The parent of Enefit Green AS is Eesti Energia AS. At 30 June 2023, the sole shareholder of Eesti Energia AS was the Republic of Estonia.
For the purposes of the condensed consolidated interim financial statements of Enefit Green, related parties include the shareholders, other companies belonging to the same group (group companies), members of the executive and higher management, and close family members of the above persons and companies under their control or significant influence. Related parties also include entities under the control or significant influence of the state.
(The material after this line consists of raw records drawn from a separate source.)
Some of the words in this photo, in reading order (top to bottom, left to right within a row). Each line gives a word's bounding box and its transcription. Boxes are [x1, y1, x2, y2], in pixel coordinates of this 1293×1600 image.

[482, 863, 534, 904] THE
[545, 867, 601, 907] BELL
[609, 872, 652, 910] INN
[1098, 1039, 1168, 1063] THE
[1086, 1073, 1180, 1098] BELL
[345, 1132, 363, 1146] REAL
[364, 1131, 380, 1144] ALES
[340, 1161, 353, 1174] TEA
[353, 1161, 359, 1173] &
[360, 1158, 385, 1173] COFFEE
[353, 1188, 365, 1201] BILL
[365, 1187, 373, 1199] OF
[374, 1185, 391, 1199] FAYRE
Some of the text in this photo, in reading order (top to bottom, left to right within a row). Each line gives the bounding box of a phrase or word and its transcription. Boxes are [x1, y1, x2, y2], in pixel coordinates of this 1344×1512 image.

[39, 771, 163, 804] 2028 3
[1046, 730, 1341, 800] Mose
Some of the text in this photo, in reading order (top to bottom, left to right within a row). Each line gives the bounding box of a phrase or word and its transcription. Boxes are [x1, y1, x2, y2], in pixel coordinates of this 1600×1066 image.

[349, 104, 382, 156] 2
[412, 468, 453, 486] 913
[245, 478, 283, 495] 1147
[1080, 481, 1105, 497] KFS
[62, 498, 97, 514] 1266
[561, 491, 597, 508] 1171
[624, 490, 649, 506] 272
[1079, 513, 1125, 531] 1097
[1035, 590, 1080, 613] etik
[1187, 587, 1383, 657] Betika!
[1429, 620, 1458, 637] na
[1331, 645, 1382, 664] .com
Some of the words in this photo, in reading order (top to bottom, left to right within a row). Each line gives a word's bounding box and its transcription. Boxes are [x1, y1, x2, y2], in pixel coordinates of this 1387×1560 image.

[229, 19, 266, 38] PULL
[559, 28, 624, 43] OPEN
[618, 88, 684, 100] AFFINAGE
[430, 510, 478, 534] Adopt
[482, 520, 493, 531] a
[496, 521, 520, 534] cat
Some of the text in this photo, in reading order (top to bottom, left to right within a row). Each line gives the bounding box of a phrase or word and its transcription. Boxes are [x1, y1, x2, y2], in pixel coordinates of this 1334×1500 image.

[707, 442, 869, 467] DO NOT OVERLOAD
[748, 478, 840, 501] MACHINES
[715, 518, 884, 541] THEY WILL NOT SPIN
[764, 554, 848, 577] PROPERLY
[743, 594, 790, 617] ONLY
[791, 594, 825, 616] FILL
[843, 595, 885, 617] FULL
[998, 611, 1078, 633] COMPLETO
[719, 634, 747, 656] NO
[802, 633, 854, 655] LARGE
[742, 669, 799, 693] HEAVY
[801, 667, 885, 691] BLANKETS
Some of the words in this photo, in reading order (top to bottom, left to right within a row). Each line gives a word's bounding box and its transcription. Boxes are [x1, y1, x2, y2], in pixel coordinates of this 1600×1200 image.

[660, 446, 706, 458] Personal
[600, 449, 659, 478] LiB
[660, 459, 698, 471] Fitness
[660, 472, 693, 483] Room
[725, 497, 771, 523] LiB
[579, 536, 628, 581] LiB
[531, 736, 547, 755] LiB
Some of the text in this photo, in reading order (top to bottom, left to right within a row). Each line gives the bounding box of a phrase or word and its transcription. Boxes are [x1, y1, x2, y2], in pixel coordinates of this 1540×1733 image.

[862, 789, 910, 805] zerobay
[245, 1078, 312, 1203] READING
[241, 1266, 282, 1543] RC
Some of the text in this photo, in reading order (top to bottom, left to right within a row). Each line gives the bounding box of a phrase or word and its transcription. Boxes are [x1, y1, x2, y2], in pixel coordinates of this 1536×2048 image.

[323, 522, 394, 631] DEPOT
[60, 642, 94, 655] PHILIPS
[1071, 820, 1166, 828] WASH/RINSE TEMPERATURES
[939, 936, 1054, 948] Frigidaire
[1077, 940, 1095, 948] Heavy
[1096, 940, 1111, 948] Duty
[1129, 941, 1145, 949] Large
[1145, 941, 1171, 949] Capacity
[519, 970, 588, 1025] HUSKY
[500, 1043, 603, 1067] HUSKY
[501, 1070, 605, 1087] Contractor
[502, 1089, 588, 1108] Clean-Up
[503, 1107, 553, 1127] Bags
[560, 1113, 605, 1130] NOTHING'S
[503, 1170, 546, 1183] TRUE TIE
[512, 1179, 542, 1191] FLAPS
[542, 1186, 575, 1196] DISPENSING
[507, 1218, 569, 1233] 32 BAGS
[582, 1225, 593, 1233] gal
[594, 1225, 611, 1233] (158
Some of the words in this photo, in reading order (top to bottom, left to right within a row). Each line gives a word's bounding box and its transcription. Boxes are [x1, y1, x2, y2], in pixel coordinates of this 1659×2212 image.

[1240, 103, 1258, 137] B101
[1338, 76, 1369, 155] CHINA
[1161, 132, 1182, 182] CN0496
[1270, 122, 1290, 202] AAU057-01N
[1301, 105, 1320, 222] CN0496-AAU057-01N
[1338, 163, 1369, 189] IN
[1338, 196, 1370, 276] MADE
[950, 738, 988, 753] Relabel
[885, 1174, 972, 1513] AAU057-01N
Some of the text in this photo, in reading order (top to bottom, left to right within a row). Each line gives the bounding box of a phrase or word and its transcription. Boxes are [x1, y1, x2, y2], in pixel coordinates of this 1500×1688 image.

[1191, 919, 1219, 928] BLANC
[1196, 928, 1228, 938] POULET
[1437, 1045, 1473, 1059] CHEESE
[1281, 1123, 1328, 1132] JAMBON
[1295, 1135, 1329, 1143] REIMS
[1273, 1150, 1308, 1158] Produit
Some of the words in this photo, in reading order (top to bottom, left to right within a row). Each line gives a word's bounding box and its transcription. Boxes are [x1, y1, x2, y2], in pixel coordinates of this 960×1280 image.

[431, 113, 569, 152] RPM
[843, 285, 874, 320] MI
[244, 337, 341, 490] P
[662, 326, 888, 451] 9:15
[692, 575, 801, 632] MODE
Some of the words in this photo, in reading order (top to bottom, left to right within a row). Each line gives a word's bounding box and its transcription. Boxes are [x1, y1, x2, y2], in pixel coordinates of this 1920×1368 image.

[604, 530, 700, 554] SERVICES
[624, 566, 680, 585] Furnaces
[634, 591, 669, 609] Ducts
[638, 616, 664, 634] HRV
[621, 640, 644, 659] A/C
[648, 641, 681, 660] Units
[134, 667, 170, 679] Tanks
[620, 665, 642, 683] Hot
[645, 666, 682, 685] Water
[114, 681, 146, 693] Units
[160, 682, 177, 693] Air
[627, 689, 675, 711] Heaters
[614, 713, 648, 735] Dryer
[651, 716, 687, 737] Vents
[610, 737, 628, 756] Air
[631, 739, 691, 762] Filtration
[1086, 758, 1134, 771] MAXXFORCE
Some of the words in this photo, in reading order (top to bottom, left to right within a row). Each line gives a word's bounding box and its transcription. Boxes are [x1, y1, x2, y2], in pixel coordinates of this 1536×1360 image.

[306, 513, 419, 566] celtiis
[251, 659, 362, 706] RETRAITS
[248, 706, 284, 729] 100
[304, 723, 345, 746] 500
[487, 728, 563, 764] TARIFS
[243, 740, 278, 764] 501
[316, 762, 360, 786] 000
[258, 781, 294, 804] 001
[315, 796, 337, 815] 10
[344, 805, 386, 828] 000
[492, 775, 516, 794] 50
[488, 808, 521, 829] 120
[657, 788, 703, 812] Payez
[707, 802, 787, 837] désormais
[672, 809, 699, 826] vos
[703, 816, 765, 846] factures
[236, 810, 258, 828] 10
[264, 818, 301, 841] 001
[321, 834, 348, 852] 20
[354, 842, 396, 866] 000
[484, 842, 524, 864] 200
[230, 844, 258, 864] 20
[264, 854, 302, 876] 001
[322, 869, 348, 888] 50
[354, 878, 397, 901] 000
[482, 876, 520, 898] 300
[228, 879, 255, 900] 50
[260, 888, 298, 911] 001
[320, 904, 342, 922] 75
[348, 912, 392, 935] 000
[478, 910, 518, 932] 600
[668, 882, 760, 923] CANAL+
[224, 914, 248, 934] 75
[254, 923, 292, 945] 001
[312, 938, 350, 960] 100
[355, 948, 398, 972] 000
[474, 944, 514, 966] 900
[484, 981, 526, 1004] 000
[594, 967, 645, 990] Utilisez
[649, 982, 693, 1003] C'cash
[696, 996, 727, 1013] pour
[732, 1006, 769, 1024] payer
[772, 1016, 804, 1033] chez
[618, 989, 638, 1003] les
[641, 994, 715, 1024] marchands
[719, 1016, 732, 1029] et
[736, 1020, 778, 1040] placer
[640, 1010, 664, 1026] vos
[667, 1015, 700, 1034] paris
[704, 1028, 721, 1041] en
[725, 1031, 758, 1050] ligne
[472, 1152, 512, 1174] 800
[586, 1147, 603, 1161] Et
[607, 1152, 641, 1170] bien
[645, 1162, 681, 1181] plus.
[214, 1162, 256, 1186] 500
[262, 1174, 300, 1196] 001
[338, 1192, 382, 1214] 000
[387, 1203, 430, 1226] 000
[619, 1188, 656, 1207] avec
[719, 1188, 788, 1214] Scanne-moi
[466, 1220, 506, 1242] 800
The Group has applied the exemption from disclosure of individually insignificant transactions and balances with the government and other related parties where the state has control or joint control of, or significant influence over, such parties.
Enefit Green AS and its subsidiaries produce renewable energy that is sold directly to third parties (incl. to the Nord Pool power exchange). The parent, Eesti Energia AS, provides Enefit Green AS with back-office services to assist in those sales procedures. The costs related to the services are presented in the table within purchases of services.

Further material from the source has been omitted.